Stephen Doughty, who's standing for Labour in Cardiff South and Penarth, said it was a decision "made in Wales".

"The idea it was somehow imposed from elsewhere is simply not the case," Mr Doughty told Radio Wales' Sunday Supplement.

"There's clear established procedures, particularly when an election is called at such short notice... this was a decision made in Wales, by members of our Welsh executive committee and by local representatives.

"We've got brilliant candidates, they've got brilliant skills, I'm sure they will be first class representatives for Wales.

"I think Torsten and Alex are going to do a great job of doing that for Cardiff, Swansea, and Wales."

Fellow labour candidate, Stephen Kinnock, told Politics Wales that "in the end people want an MP that delivers".

"They want an MP who is a strong national voice and an active local campaigner and that is what both Torsten and Alex will be."

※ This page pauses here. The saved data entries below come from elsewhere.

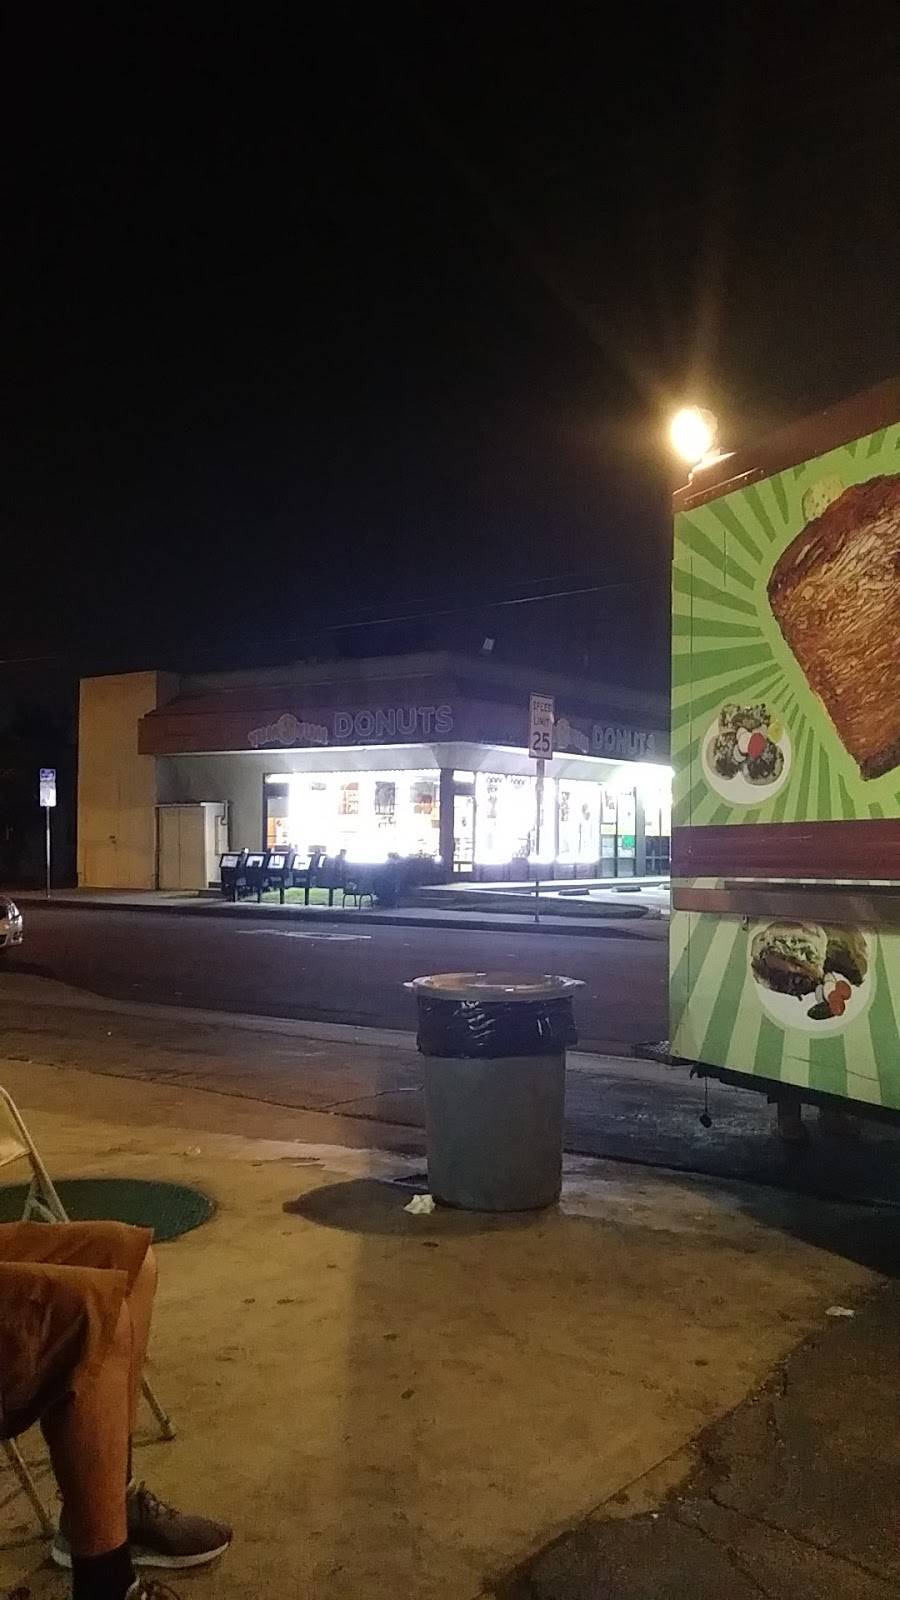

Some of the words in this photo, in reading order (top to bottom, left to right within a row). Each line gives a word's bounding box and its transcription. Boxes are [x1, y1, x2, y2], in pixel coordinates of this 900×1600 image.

[532, 701, 552, 712] SPEED
[334, 705, 454, 738] DONUTS
[533, 714, 551, 726] LIMIT
[532, 731, 550, 752] 25
[592, 724, 656, 756] DONUTS

Welsh Labour Grassroots, a group which represents those on the left of the party, said it was deeply angered by what it calls the imposition of the two candidates calling it an "affront to members' democracy".

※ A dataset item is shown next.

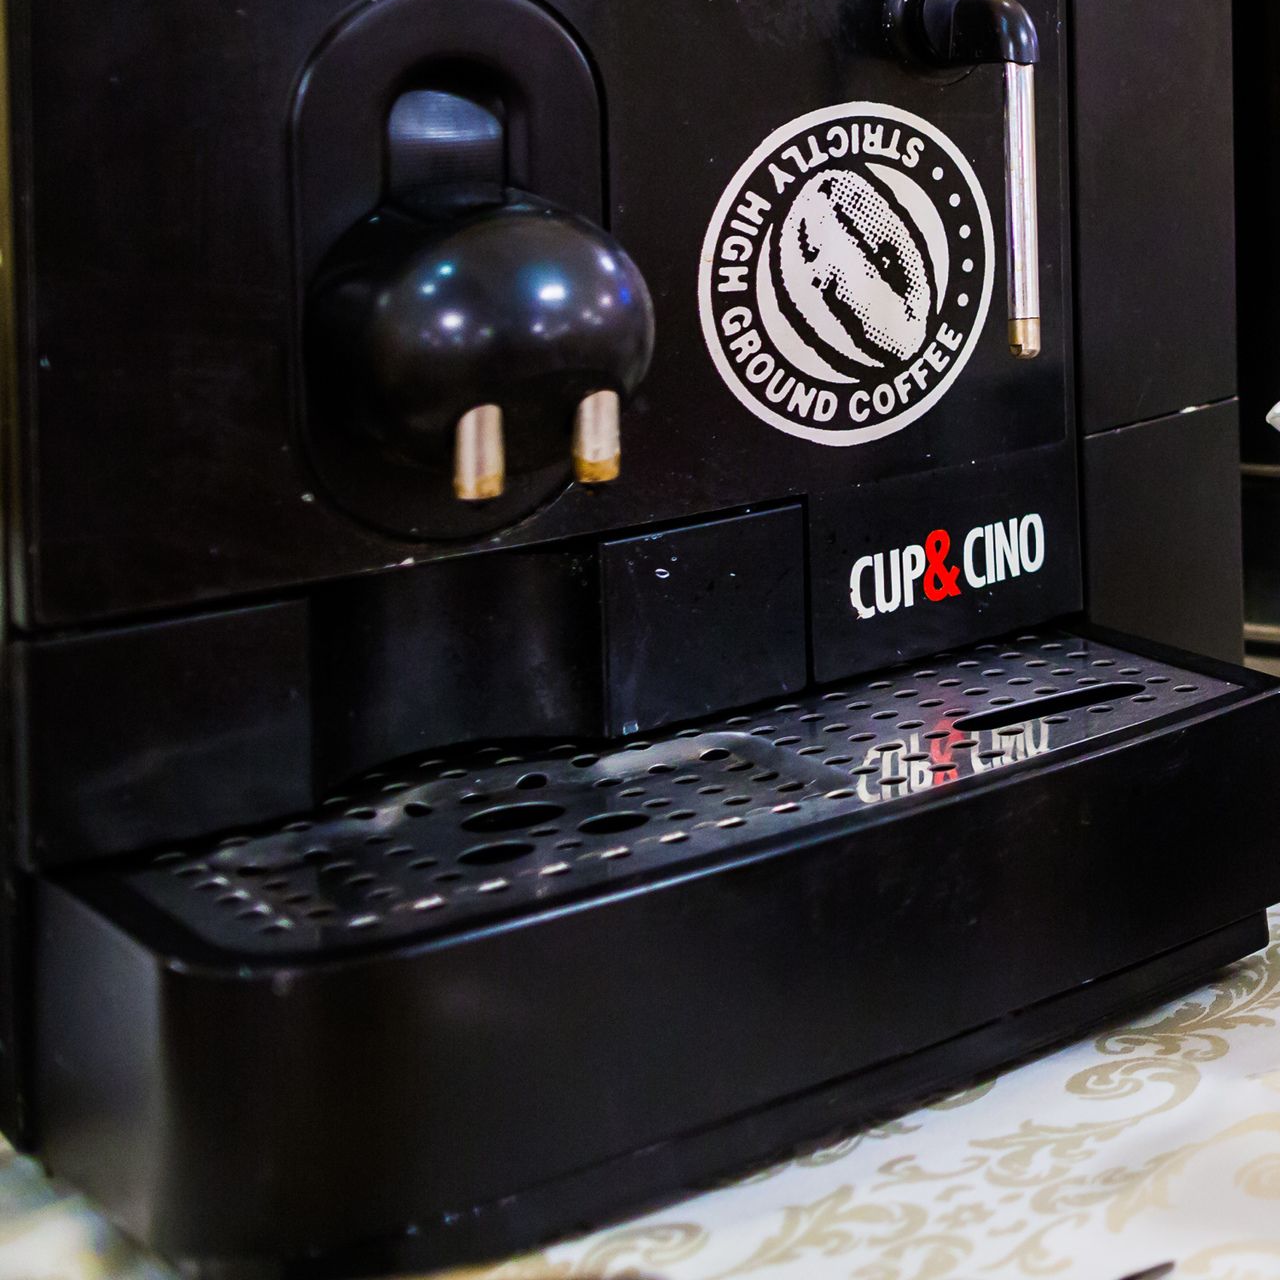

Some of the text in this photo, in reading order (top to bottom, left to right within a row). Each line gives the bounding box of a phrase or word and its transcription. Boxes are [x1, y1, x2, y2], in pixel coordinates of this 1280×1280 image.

[718, 123, 963, 424] STRICTLY HIGH GROUND COFFEE

"With no membership input and no trade union input, two candidates with no links to the area, or to Wales, were imposed from on high," it said.

"We understand that many candidates applied with no interviews given, and Mr Barros-Curtis was imposed by fiat of a few party officials.

"In Swansea West, the case against the outgoing MP has been in limbo for over a year, with the party seeming to not want to resolve it in order to do what they have now done; impose a desired candidate in a ‘safe seat’.

"Voters rightly expect candidates to have links to the area they wish to represent. Voters rightly expect candidates to be decided democratically by local party members.

"These impositions are utterly insulting to every member, and voter, in Cardiff West and Swansea West."

'No Welsh connection'

Plaid Cymru leader Rhun Ap Iorwerth said the appointments were example of "bringing people in from outside Wales with no Welsh connection".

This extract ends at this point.